* Entries shown *

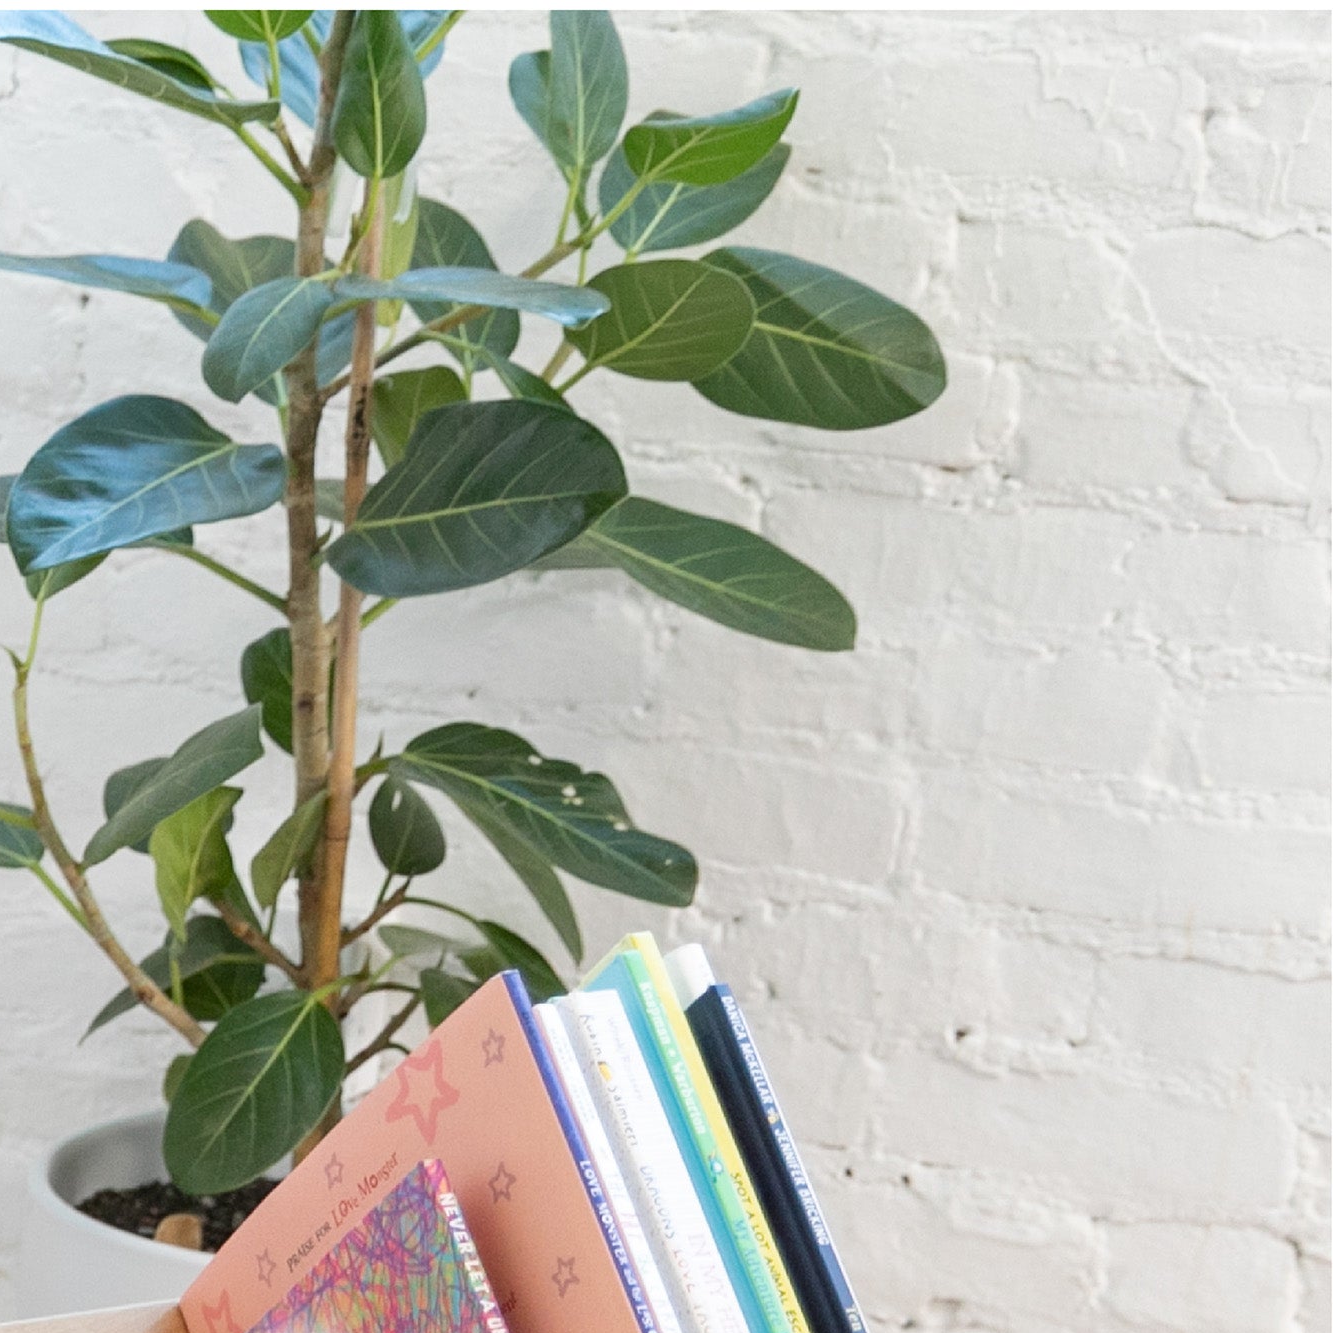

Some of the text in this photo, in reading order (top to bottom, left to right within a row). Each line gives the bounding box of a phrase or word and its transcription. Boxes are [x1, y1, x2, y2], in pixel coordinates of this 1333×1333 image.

[721, 995, 748, 1041] DANICA
[774, 1126, 806, 1188] JENNIFER
[797, 1185, 830, 1246] BRICKING
[286, 1222, 332, 1273] PRAISE FOR
[438, 1191, 475, 1254] NEVER
[466, 1259, 490, 1295] LET
[479, 1299, 496, 1313] A
[579, 1160, 599, 1197] LOVE
[596, 1200, 628, 1265] MONSTER
[731, 1172, 752, 1204] SPOT
[752, 1220, 771, 1251] LOT
[764, 1256, 789, 1312] ANIMAL
[747, 1240, 781, 1328] Adventure
[844, 1304, 863, 1333] Ten
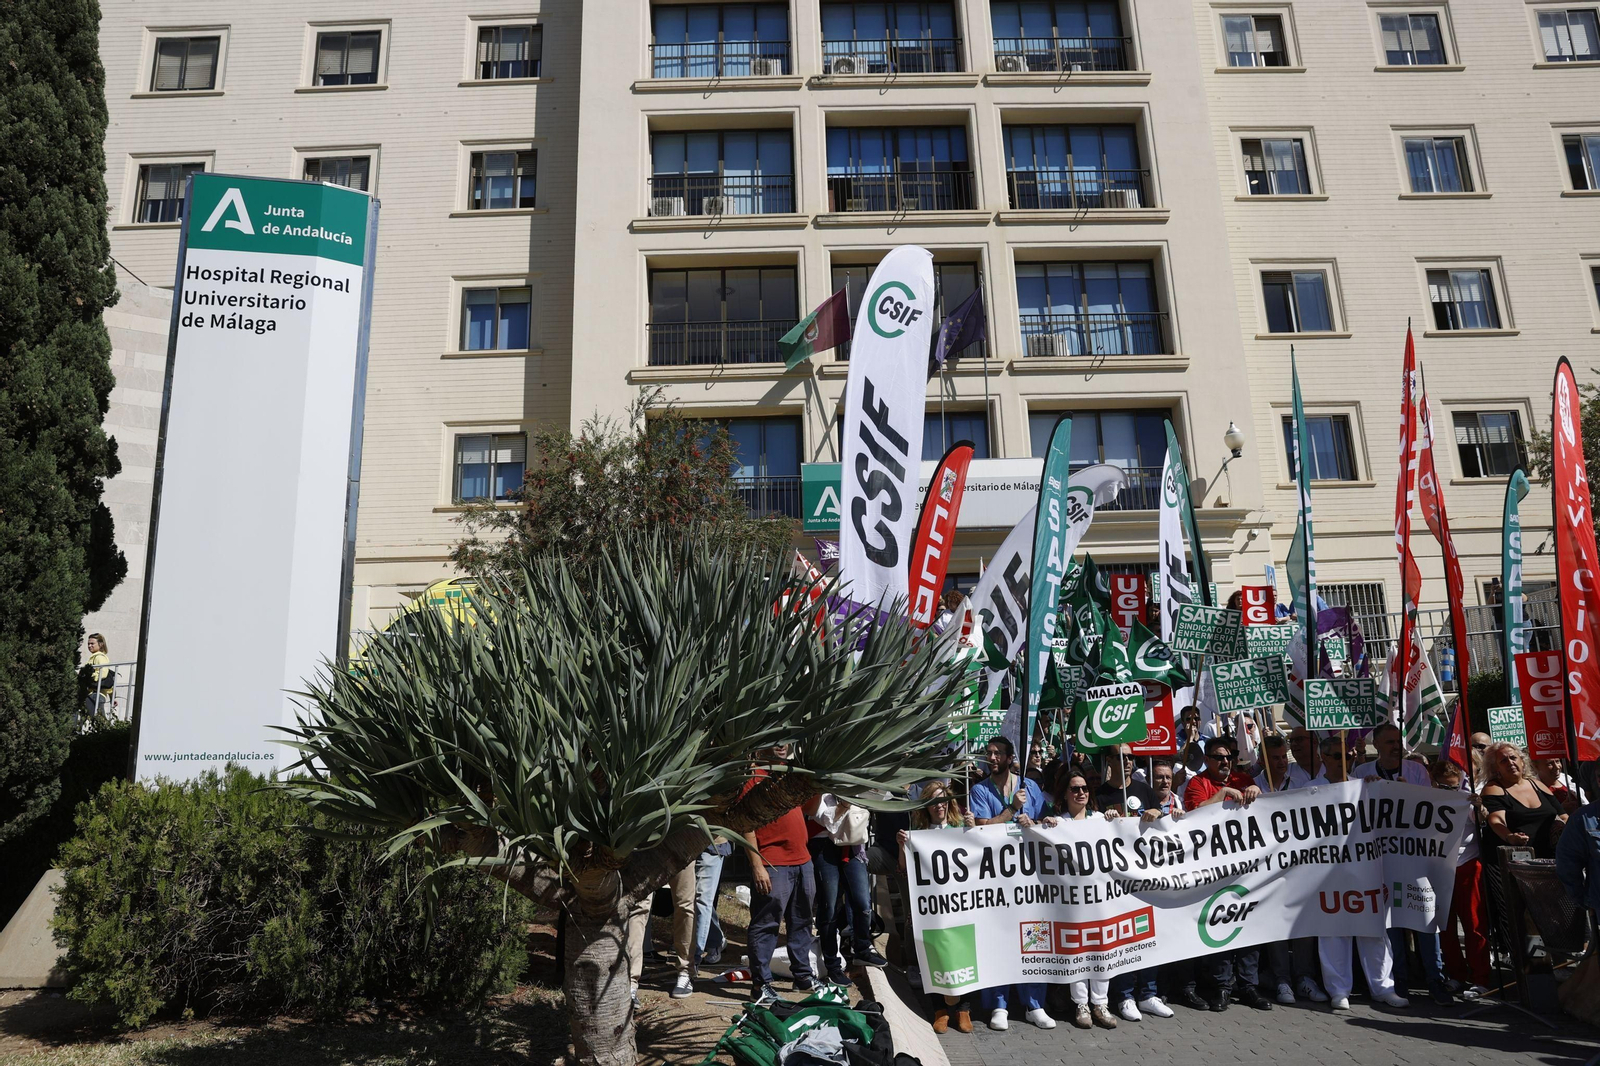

* Task instructions *
Pictures are to be left out; everything else in the records gets retyped exactly.

* Completed task *
Some of the text in this photo, in reading order (top to bottom, left to right within a row). Each line gives the bounding box of a phrase or word and its transcription. Boxes are [x1, y1, x2, y2], in pixel coordinates of this 1333×1333 image.

[721, 995, 748, 1041] DANICA
[774, 1126, 806, 1188] JENNIFER
[797, 1185, 830, 1246] BRICKING
[286, 1222, 332, 1273] PRAISE FOR
[438, 1191, 475, 1254] NEVER
[466, 1259, 490, 1295] LET
[479, 1299, 496, 1313] A
[579, 1160, 599, 1197] LOVE
[596, 1200, 628, 1265] MONSTER
[731, 1172, 752, 1204] SPOT
[752, 1220, 771, 1251] LOT
[764, 1256, 789, 1312] ANIMAL
[747, 1240, 781, 1328] Adventure
[844, 1304, 863, 1333] Ten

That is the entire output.